LACE (levelised avoided cost of energy) is used when comparing a “base case” with a new investment to determine how much per unit of electricity will be saved by the new technology which replaces the old one. LACE is not just a figure like LCOE, but a methodology: it requires a wider consideration of effects by also looking at avoided cost and in particular the difference in cost of LCOE between two technologies from a system view.
For an economic analysis, using the social discount rate, externalities like the monetary value of CO2 emissions and potentially other damages may also be included in a comparative analysis (Roth and Ambs 2004). It should also be noted that LCOE does not just include the cost of a single plant, but also the system cost necessary to integrate the envisaged plant into the entire electricity grid. If integration cost and cost for providing backup facilities as well as cost for overproduction at times of low demand are not included, the result might be too much in favour for RE technologies (Ueckerdt et al. 2013, p. 74).

3. The Project

3.1. Suitable Locations

Between 2017 and 2019 a pre-feasibility study was carried out investigating technical, financial and economic preconditions for TSE- projects on the Philippine islands. There were plans to continue this study as a full feasibility study by the second half of 2020. In 2019 site visits were carried out and the idea also found official support from the Philippine Department of Energy (DoE). Information was also collected mainly from two manufacturers and consultant engineers active in the field of TSE. One of the manufacturers, Schottel Hydro, together with a Singapore-based consultant provided valuable data on the suitability of several locations in the Philippines and other South-East Asian countries.
The Philippines together with Indonesia and Myanmar have many promising project sites as there are many narrow straits between the islands. The Philippine Department of Energy (DoE) estimates the theoretical potential of ocean energy in the Philippines at 170 GW (Figure 2). Twenty indicative sites for TSE have been defined in the country.
TSE is very suitable for providing electricity to “off-grid” areas such as small islands. Such areas are presently mostly served by mini-grids, powered by diesel and bunker oil-powered generators. Generation costs can reach 0.88 USD/kWh (average 0.45 USD/kWh). These islands suffer frequently from blackouts and unplanned power outages. Only 22 of 233 areas have 24/7 h electricity, with over 70% having less than eight hours per day of electricity. An installation and continuous operation of several TSE-projects in such areas would not only improve the electricity supply for the population on these islands, but it would also facilitate a learning process which causes cost to come down as it was the case for PV and wind. Finally, TSE could also be a valuable and clean source of electricity generation on other islands as well as on the mainland.

3.2. Electricity Tariffs

Financial sustainability of any project requires cost-covering revenues, which is harder to achieve when the production cost are above international standard. In order to assure affordability for the rural end-users. The tariff is subsidized down to a level of around 10–12 US Cents per KWh by a fund called UCME (Universal Charge for Missionary Electrification). This fund is cross-financed from contributions of all users connected to the main grid (Ahmed and Logarta 2017). If we manage to install a TSE system generation electricity for less than 45 Cents/kWh on the average, the subsidies to be paid could be reduced considerably, although the tariffs will not cover the cost in full.
In addition substantial pollution could be avoided and electricity would be provided in a reliable way and 24 h per day, if storage possibilities are included.

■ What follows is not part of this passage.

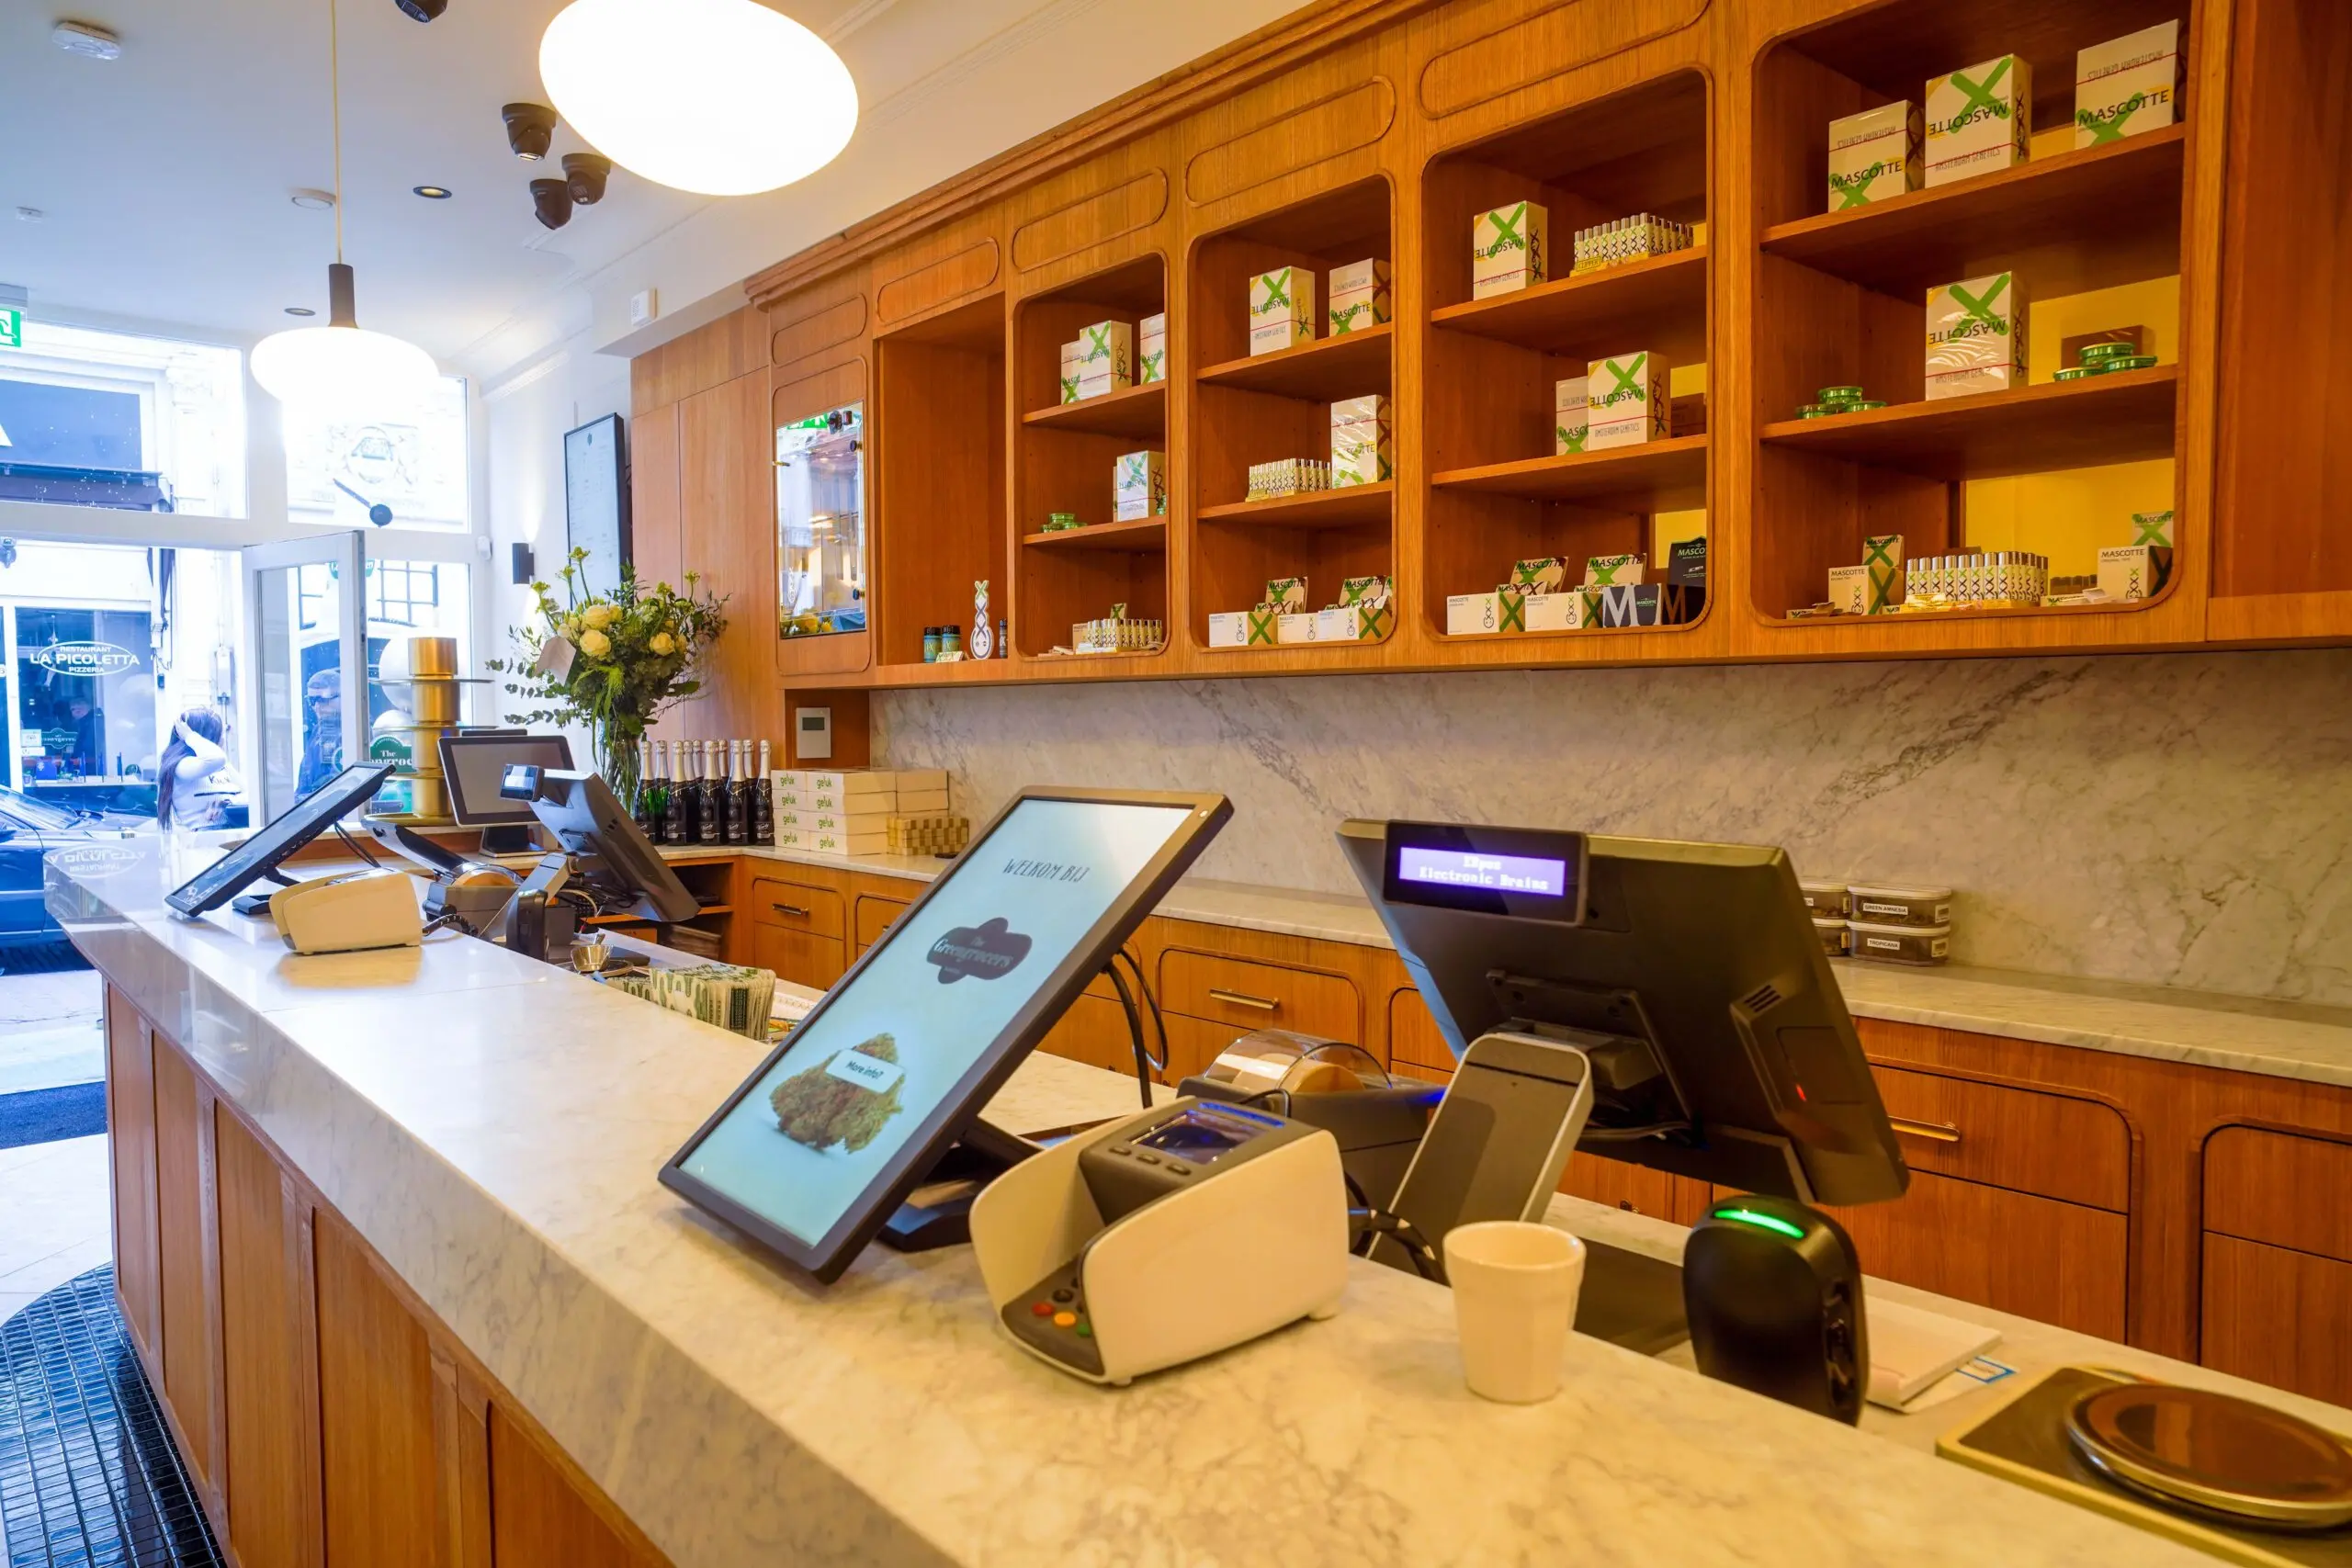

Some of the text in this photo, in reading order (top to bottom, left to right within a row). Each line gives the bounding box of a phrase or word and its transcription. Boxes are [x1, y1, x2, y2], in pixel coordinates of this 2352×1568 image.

3.3. Hybrid Tidal Stream Energy (TSE) Systems

The first calculation was made on Dinagat, part of Dinagat island northeast of Mindanao, with several model alternatives, using the “Hybrid Optimisation of Multiple Electric Renewables” (HOMER-Pro) software, which can analyse different combinations of generating systems. The energy supply costs are minimised while ensuring that demand is matched on an hourly basis. If hourly grid demand data are not available, HOMER-Pro provides the option to generate synthetic demand profiles depending on the power system size and its economic activities (Rink). Further calculations were made on Rasa island and a few other minor spots. Since island-specific peculiarities should not distort the picture, the calculation was later transferred to a hypothetical model island containing average data from several locations. In an island network without the possibility to use electricity from a nationwide grid, TSE still needs either a storage system or a second-generation system if a reliable supply for 24 h in seven days is required. The theoretical alternative of a 100% PV-system (supported by storage) turned out to be too expensive because of its very low capacity factor in an area with a predominant demand of electricity at night. On the other side a 100% TSE system (plus storage) also proved to be more costly than a combination of TSE and PV, supported by battery storage, which was found to be the optimal way from the cost side as well as from the operation side for most locations.
Our base case, averaged from existing locations, is a 5 MW diesel plant with older diesel generators which would have to be refurbished immediately to be fit for a 24 h operation. In our base case it is assumed that the machinery will have to be replaced with a specific investment cost of 462 US-$/kW after five years and also 10 years afterwards. A moderate price increase of 10% (which is 1.95% p.a.) was assumed for year 15, but a residual value was also assumed for year 20, the expected end of economic life for the RE alternative.
In times of high demand, the charging of batteries will require excess capacity above peak load. Therefore the alternative chosen is a hybrid combination of 9 MW (4.5 MW TSE and 4.5 MW PV) capacity, based on TSE, PV solar and battery storage. With an envisaged peak load of 4 MW a storage capacity of 20 MWh would be able to provide electricity for five hours in off-times, average load up to eight hours. which is actually more than sufficient and accommodates some growth, but the exact sizes of storage as well as of generating capacity would be determined during detailed project planning, which also must include a thorough survey of future demand and potential new customers. The capacities assumed in our model case are generally on the high side in order to avoid accusations of bias in favour of RE technology. For details see the appendices.

3.4. Financial Evaluation

In order not to create too much confusion the variety of alternatives was strictly limited to the two aforementioned alternatives
  • The base case, being the continuation of existing diesel stations (which is the case on more or less every island) with some improvement to reach a 24/7 service.
  • The hybrid combination of TSE, PV and battery storage.
Some variations will be briefly outlined in the discussion part. The core data can be found in Table 1. Because after the Corona pandemic crude oil prices fell, a lower assumption was made for the diesel price. However, we do not predict that this lower value will pertain for 20 years, so we also used the previous price of 60 pesos/L (1.20 USD), which was the price before on most of these islands. A diesel-price of 52.15 pesos (1.043 USD) marks the break-even point between the base case (diesel) and the hybrid solution, any price above will favour the hybrid alternative. The (financial) discount factor was set at 10%, in line with the expected financing cost.
The hybrid alternative requires a much higher investment cost which makes financing a challenge and which will require a loan, whereas the anticipated re-investments of the base case can be made out of the generated cash-flow, provided the subsidized tariffs pertain. On the other side, the operation cost (OPEX) of the hybrid solution are much lower than the OPEX of the base case.
The LCOE of the hybrid case will be 27.4 US cents per KWh, in the case of the diesel alternative they range between 27.4 cents (for the break-even diesel price) and 36.1 cents, more likely on the high side unless oil prices remain low. In both cases the hybrid-alternative is equal or better unless there will be a further decline of crude prices.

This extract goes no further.